Autour de lui de jeunes arbrisseaux
En recevaient une ombre tutélaire.
Ambitieux et souple, un lierre
Atteignit insensiblement
Le pied de l'arbre, y prit racine,
Et grandit assez promptement.
Oubliant son humble origine,
O mes pauvres petits voisins,
Disait le fait, que je vous plains !
Je vous fais envie,
Et vous, chétifs, vous me faites pitié.
Que serez-vous toute la vie ?
Arbrisseaux, et rien plus. Allez-vous à moitié
De ce chêne ? Il s'en faut. Moi, j'en touche le faîte...

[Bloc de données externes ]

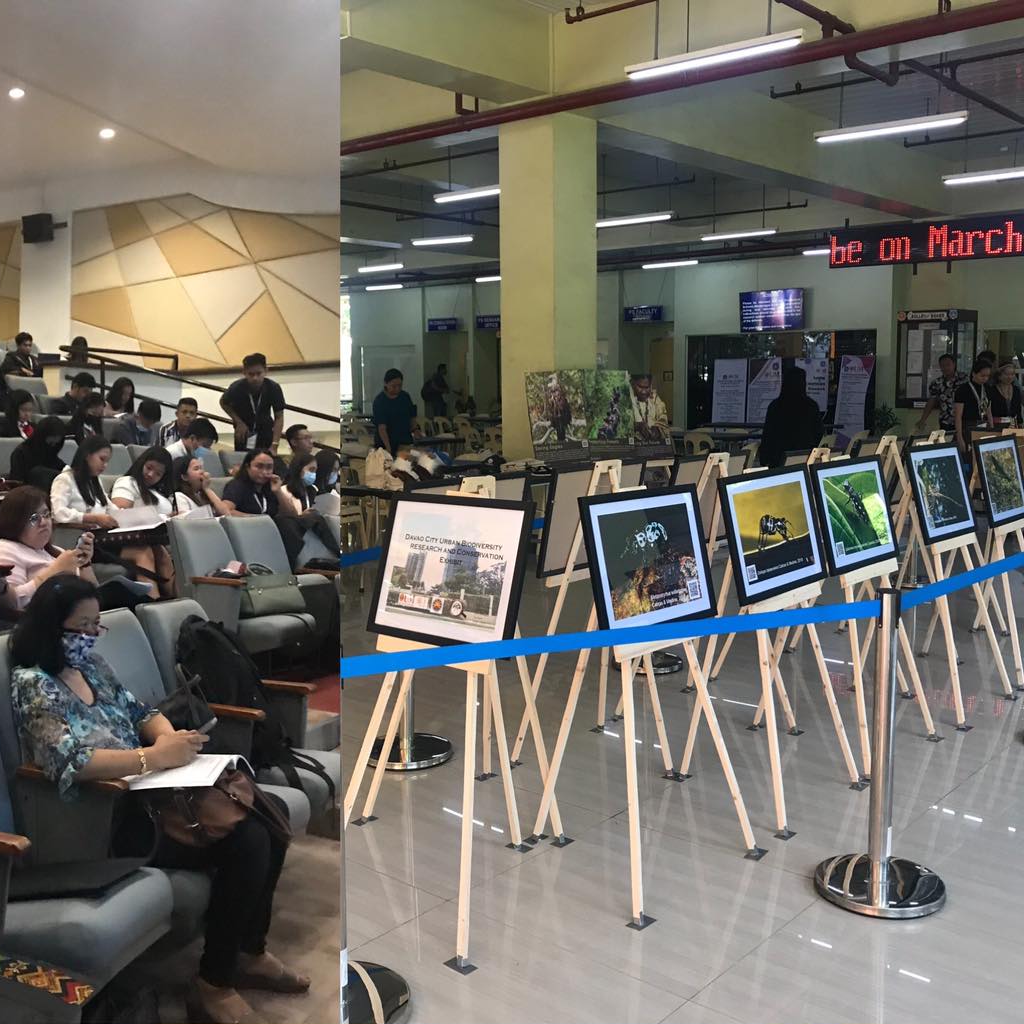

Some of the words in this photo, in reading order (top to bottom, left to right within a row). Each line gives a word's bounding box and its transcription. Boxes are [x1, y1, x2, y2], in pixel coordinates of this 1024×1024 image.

[831, 235, 863, 265] be
[879, 236, 911, 261] on
[928, 221, 1023, 258] March
[410, 543, 442, 553] RESEARCH
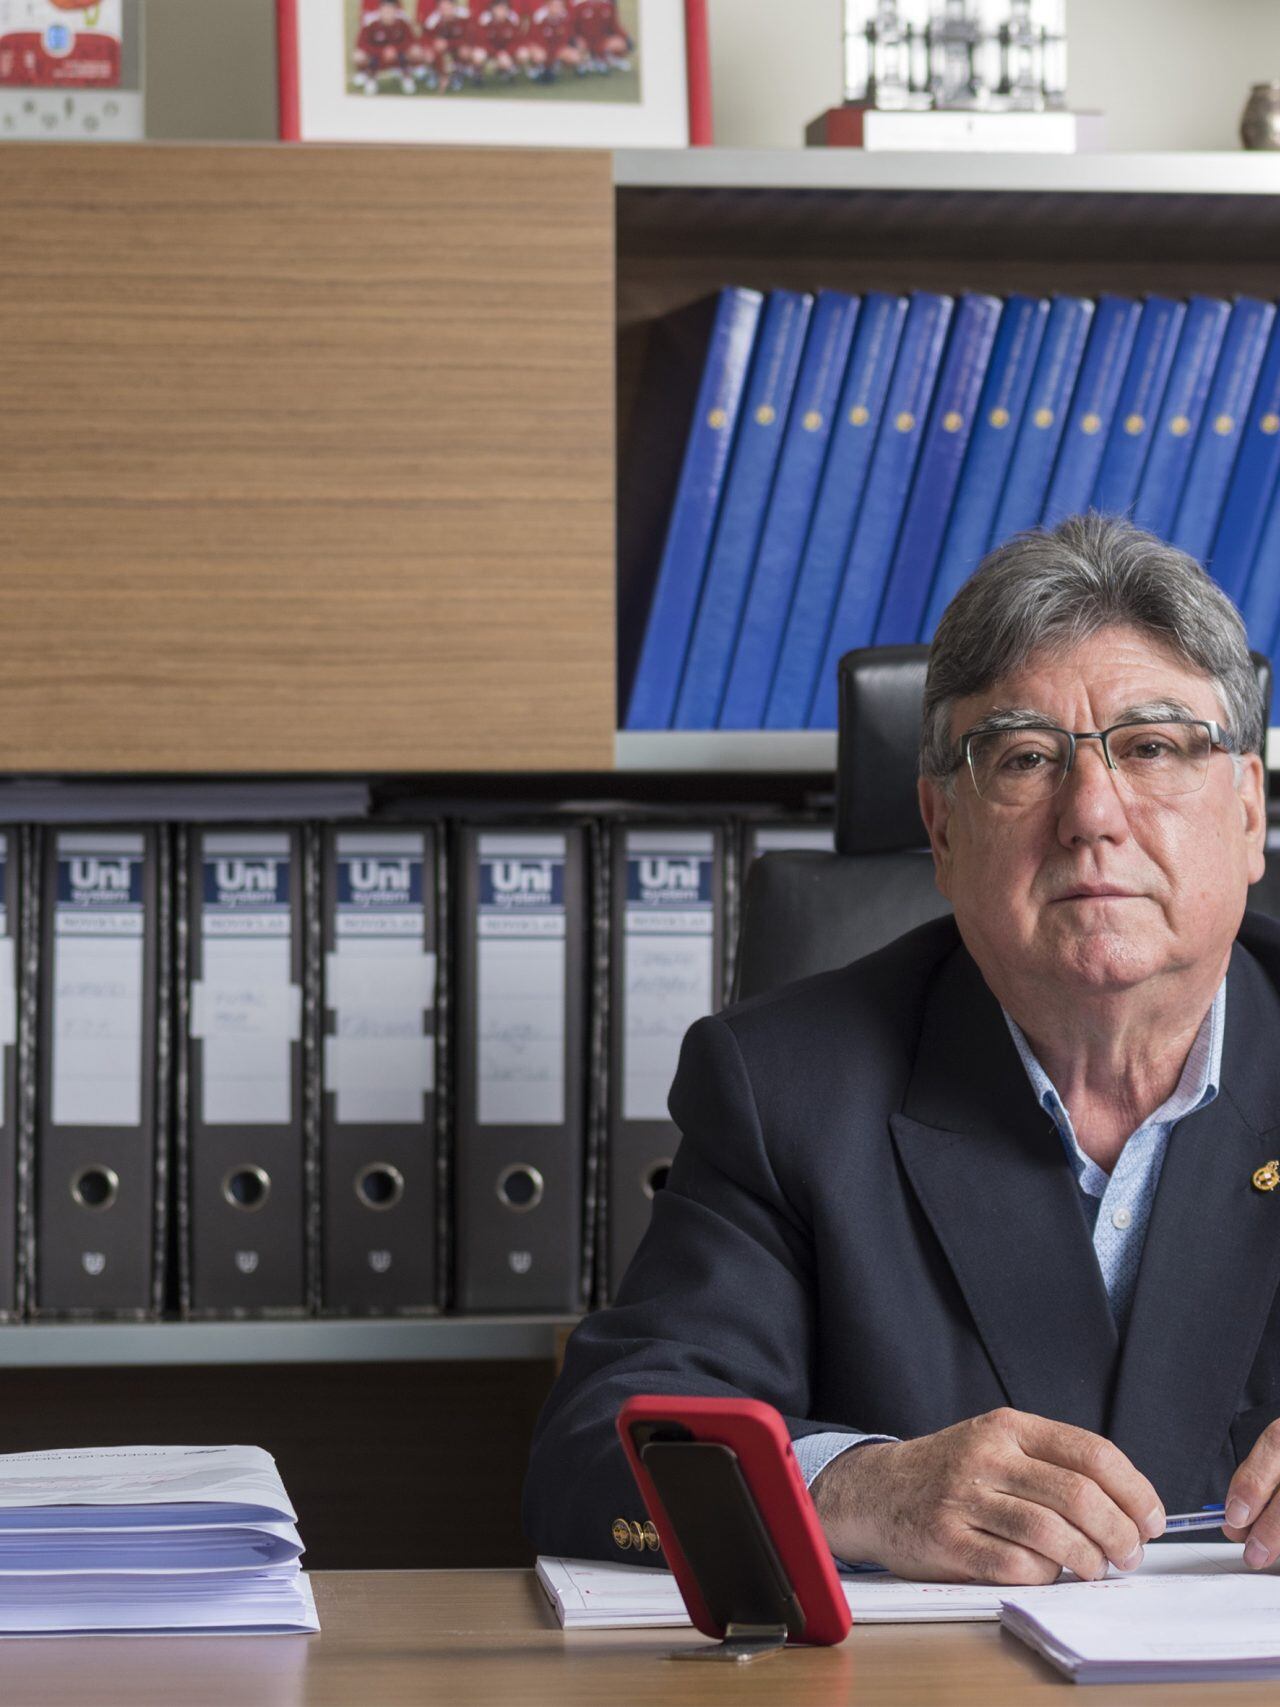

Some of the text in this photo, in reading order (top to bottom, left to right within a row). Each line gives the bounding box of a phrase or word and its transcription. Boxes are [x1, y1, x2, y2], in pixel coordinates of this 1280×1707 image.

[70, 859, 130, 891] Uni
[216, 859, 277, 891] Uni
[349, 859, 410, 891] Uni
[491, 859, 552, 891] Uni
[639, 857, 699, 889] Uni

Le faîte ? Eh ! Je serais déjà,
Sans tous mes tours, au-dessus de sa tête.
Allongeons-nous. Bien ! Très bien ! M'y voilà.

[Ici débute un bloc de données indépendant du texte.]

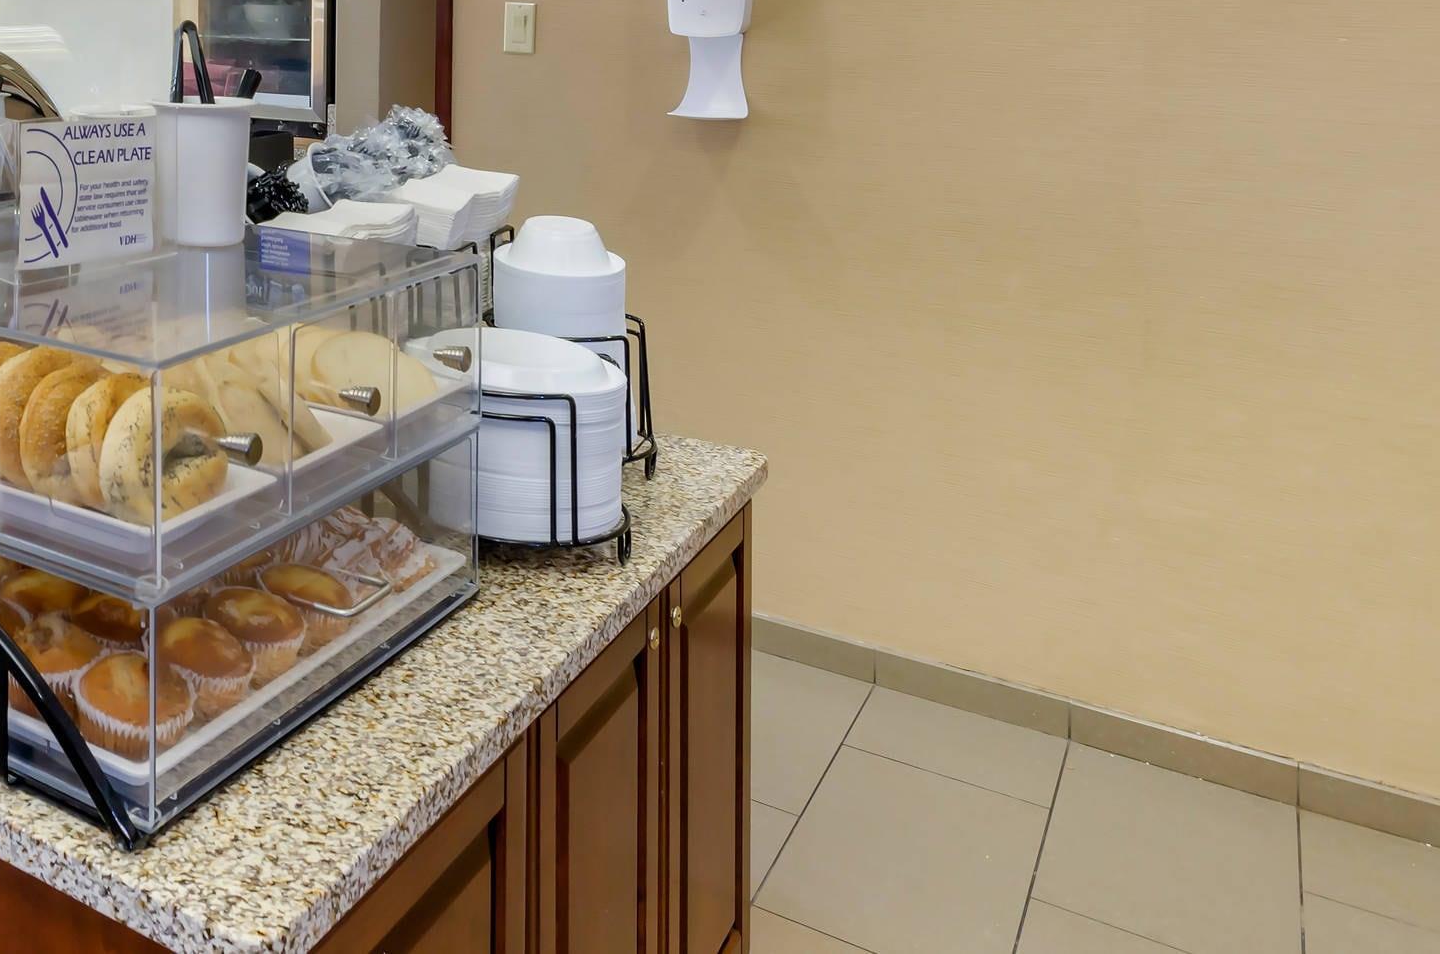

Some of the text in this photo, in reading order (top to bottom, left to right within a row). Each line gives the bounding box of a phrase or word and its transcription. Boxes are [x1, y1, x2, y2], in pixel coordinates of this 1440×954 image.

[63, 122, 146, 140] ALWAYS USE A
[73, 147, 152, 165] CLEAN PLATE
[90, 183, 101, 192] your
[104, 191, 125, 199] requires
[97, 201, 124, 209] consumers
[80, 223, 108, 232] additional
[120, 234, 137, 246] VDH

Je lui sers d'ornement, c'est ma verte jeunesse
Qui couvre de son tronc la livide vieillesse.
Le lierre avec cette hauteur
Savourait son nouveau bonheur,
Quand, portant sur l'épaule une tranchante hache,
Un bûcheron s'en vient dans la forêt.
Que rabat-joie ! À frapper il est prêt :
En vain mon orgueilleux de plus belle s'attache ;
Le chêne ébranlé tombe, et le lierre avec lui.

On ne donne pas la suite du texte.